In reply to ericinbristol: I really don't see a problem with this. Fixed ropes run pretty much the full length of the route. When was the last time anyone actually free climbed the Hillary Step? I'm going to make a wild "Armchair Everest Climber" assumption that even at the start of each season that there is enough fixed rope still left to safeguard the addition of a new one.
This seems to be a notorious bottleneck where people get delayed for a long period of time waiting for those coming up and going down. If this ladder helps reduce the bottleneck and thus helps saves lives/fingers/toes, then whats the argument against installation.
For all those folk who are fighting the battle about "Murdering the Challenge", I'm afraid that that battle was lost a long time ago. The final nail was probably when the restrictions were lifted on on the number of climbing teams allowed on Everest in a season.
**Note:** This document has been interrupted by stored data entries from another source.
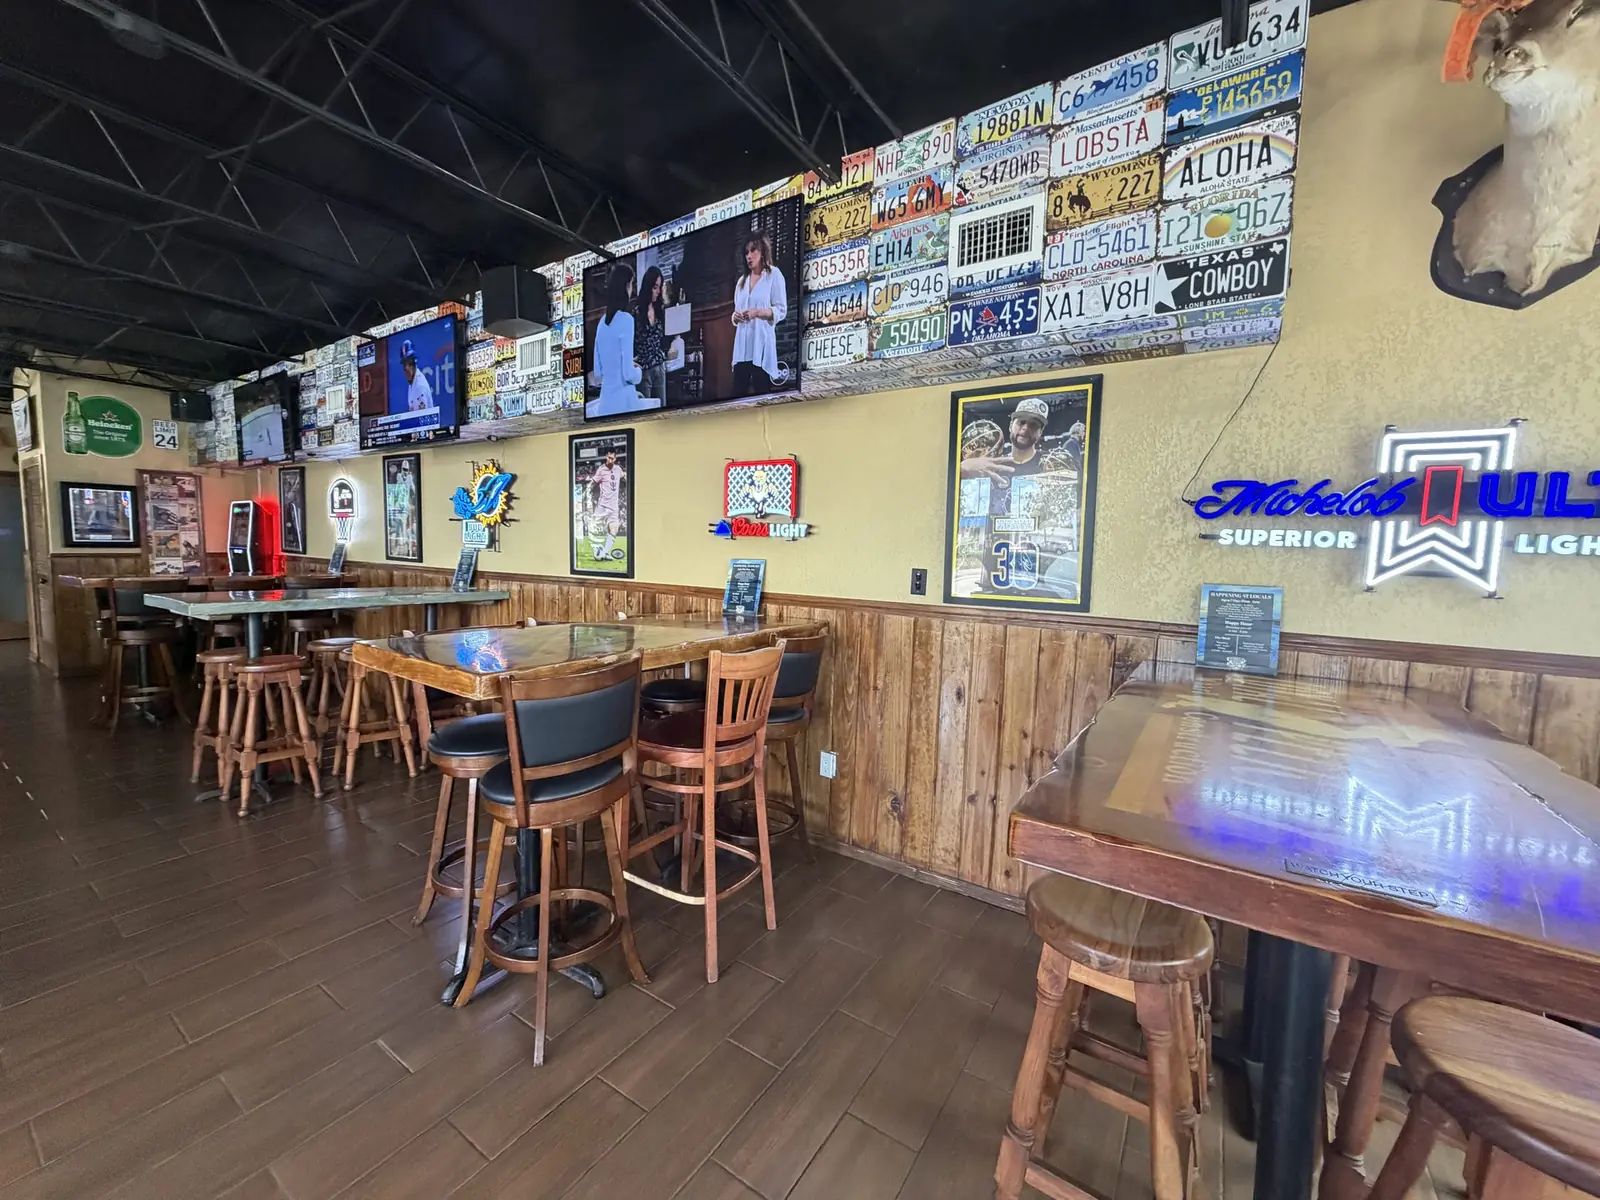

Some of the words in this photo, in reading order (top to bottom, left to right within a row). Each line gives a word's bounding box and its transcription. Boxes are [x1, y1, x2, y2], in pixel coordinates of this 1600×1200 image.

[1248, 5, 1300, 48] 634
[1080, 53, 1142, 81] KENTUCKY
[1060, 84, 1085, 113] C6
[1115, 59, 1159, 92] 458
[1197, 65, 1267, 97] DELAWARE
[1217, 70, 1292, 117] 145659
[974, 98, 1045, 144] 19881N
[978, 94, 1032, 121] NEVADA
[1073, 108, 1138, 137] Massachusetts
[1060, 118, 1149, 167] LOBSTA
[1211, 131, 1244, 147] HAWAII
[877, 150, 903, 178] NHP
[922, 132, 952, 163] 890
[977, 144, 1024, 164] VIRGINIA
[1180, 135, 1271, 188] ALOHA
[979, 150, 1040, 189] 5470WB
[898, 175, 925, 192] UTAH
[915, 179, 946, 212] 6MY
[1052, 197, 1063, 218] 8
[1116, 170, 1154, 202] 227
[1200, 181, 1226, 194] ALOHA
[1190, 187, 1258, 213] FLORIDA
[804, 222, 811, 242] 8
[844, 205, 867, 230] 227
[891, 223, 930, 240] Arkansas
[875, 236, 913, 267] EH14
[1183, 237, 1226, 253] SUNSHINE
[1186, 246, 1255, 270] TEXAS
[1052, 265, 1088, 281] NORTH
[1091, 254, 1145, 274] CAROLINA
[1189, 257, 1274, 299] COWBOY
[911, 272, 944, 299] 946
[1044, 289, 1085, 323] XA1
[1101, 276, 1150, 313] V8H
[1185, 301, 1205, 310] LONE
[1207, 297, 1227, 306] STAR
[1228, 293, 1252, 303] STATE
[950, 308, 973, 335] PN
[999, 296, 1038, 324] 455
[889, 316, 940, 348] 59490
[971, 330, 1011, 343] OKLAHOMA
[808, 334, 854, 361] CHEESE
[882, 344, 924, 359] Vermont
[87, 419, 131, 431] Heineken
[155, 434, 179, 448] 24
[1194, 476, 1416, 519] Michelob
[731, 517, 769, 538] Coors
[769, 523, 806, 538] LIGHT
[1217, 528, 1357, 550] SUPERIOR
[990, 541, 1039, 591] 30
[1250, 593, 1272, 601] LOCALS
[1386, 882, 1430, 899] STEP
Everest is a "Cash Cow" to that region and it will be exploited as much as is financially possible. That is life. Unless there is a major change in the number of teams allowed on Everest in a season then fixed Ladders, permanent stone/concrete structures at Basecamp etc are going to come.
No one seems to mind the ski lifts in the Alps, no one seems to mind the Cable Car to the top of the Aig d'Midi (I do mind the idea that people think they've climbed Mont Blanc when they stand on the viewing Platform!), no one seems to mind the fixed ladders down to the Mer de Glace.
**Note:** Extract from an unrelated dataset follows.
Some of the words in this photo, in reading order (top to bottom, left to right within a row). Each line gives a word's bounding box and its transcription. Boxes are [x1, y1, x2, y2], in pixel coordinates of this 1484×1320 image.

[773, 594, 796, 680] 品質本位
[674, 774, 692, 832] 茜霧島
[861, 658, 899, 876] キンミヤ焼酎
I went to the 60th Anniversary show at the RGS yesterday and was appalled when Ms Rebecca Stephens MBE (she has an MBE, yet Stephen Venables has nothing!) kept on describing Everest as a British Mountain. IT IS NOT OUR MOUNTAIN. If it belongs to anyone then it belongs to the country in which it sits. Therefore, does it not ring true that the Nepalese or Tibet/China can do with it what they please. We may not like it, we may ask though our representative at the UIAA to ask for it not to be done but when it comes down to it it's their asset.
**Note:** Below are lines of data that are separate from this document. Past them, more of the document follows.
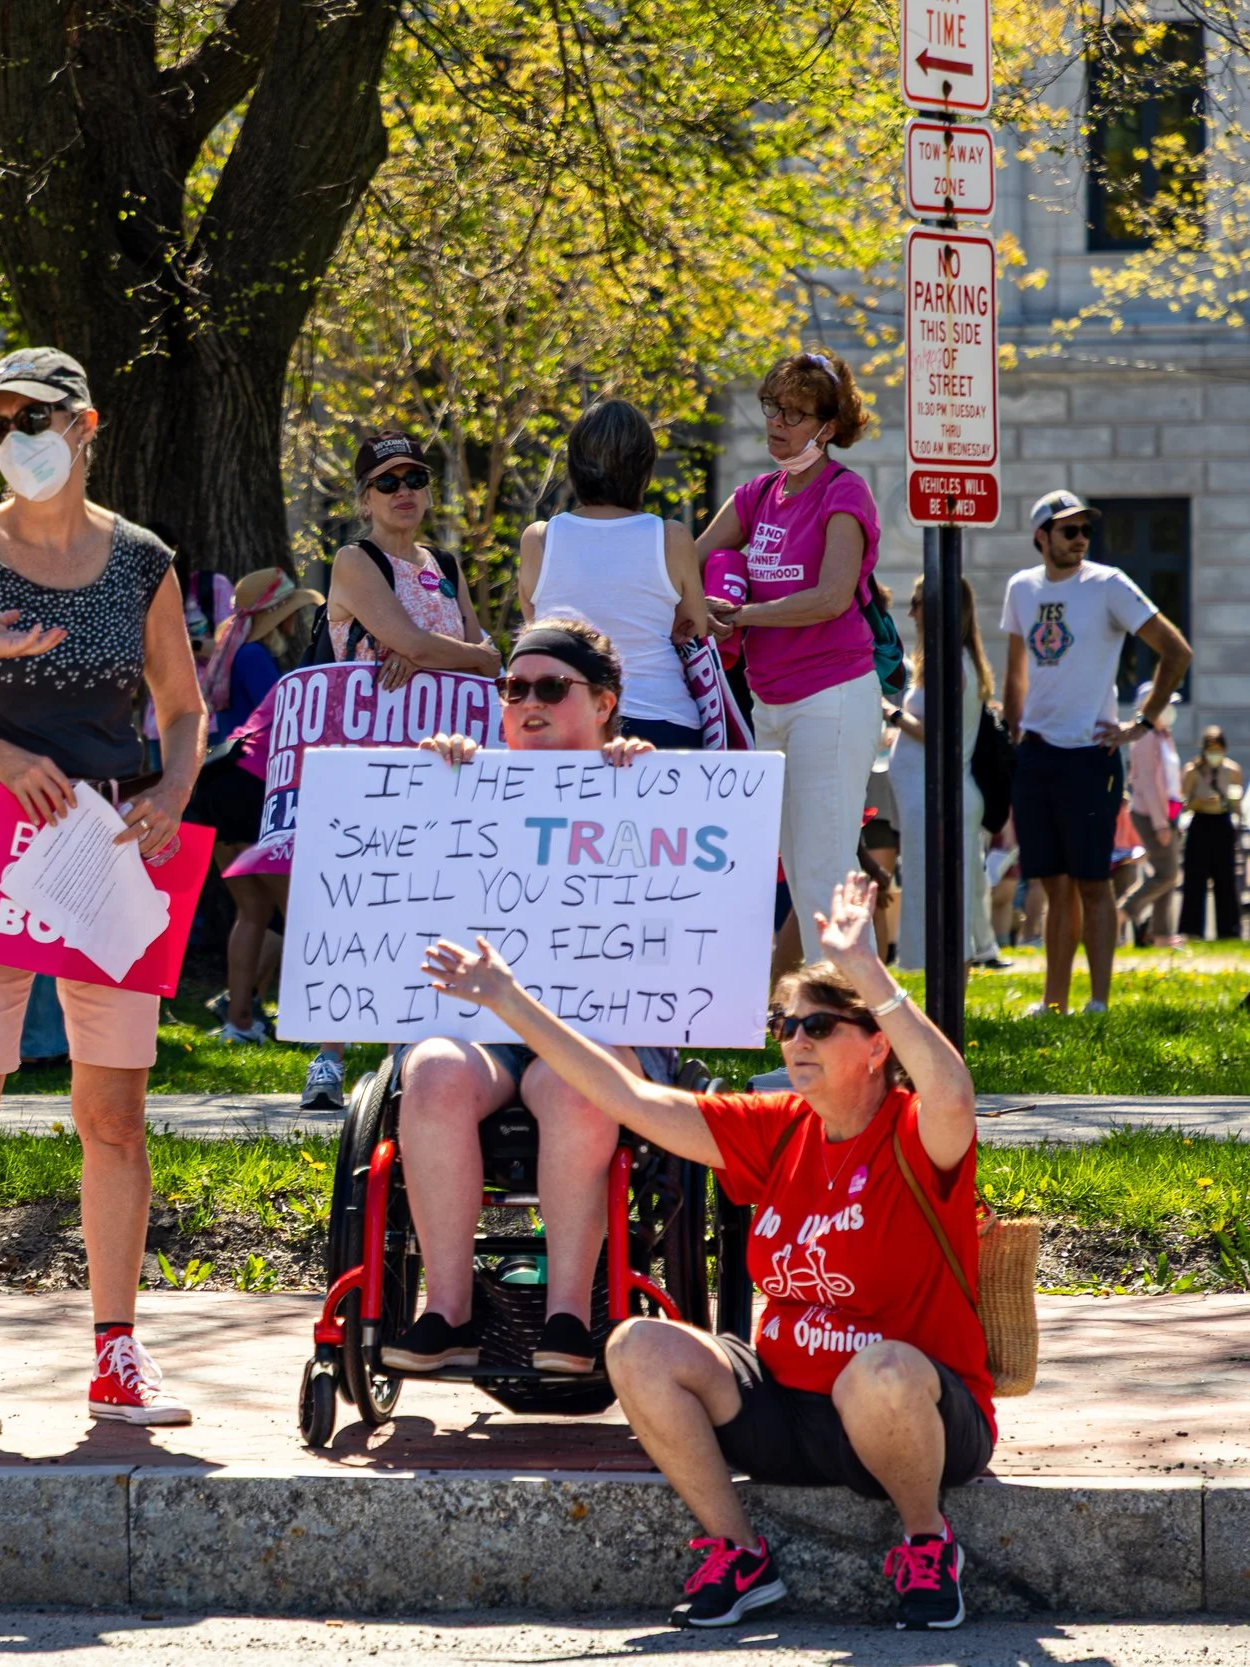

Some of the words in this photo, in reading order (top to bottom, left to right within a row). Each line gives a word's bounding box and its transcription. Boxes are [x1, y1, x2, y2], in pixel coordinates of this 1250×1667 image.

[926, 9, 966, 48] TIME
[919, 142, 984, 164] TOW-AWAY
[934, 177, 966, 197] ZONE
[938, 248, 961, 279] NO
[914, 281, 988, 316] PARKING
[920, 320, 946, 342] THIS
[953, 322, 982, 345] SIDE
[942, 348, 959, 369] OF
[929, 374, 974, 397] STREET
[936, 403, 947, 417] PM
[950, 404, 987, 419] TUESDAY
[941, 424, 961, 438] THRU
[914, 440, 931, 454] 7:00
[933, 442, 944, 454] AM
[947, 442, 991, 457] WEDNESDAY
[919, 477, 961, 495] VEHICLES
[964, 478, 987, 496] WILL
[929, 498, 941, 515] BE
[945, 499, 976, 517] TWED
[1039, 603, 1065, 621] YES
[270, 672, 329, 755] PRO
[365, 763, 433, 799] IF
[454, 761, 534, 801] THE
[555, 763, 681, 802] FETUS
[699, 763, 765, 800] YOU
[445, 820, 499, 859] IS
[525, 817, 736, 875] TRANS,
[320, 871, 455, 907] WILL
[478, 867, 550, 914] YOU
[561, 875, 702, 906] STILL
[303, 929, 441, 968] WANT
[550, 924, 718, 965] FIGHT
[306, 982, 378, 1025] FOR
In 1936 a couple of German lads and an Englishman (?) climbed a new route on Tryfan. They placed three pegs and there was uproar. The mountain lies in Britain, and at the time it was not the British way to place fixed ironmongery on crags. The route was climbed free and the pegs removed (using a poker from Helyg if I remember correctly by Menlove Edwards). The Germans don't now 'own' that section of Tryfan just because they made the first ascent. The route lies in the UK and belongs to the UK. If the 'Men in Grey Softshells' decide that a fixed ladder is required up Munich Climb then that is a UK decision and does not need to be run past the Germans for permission.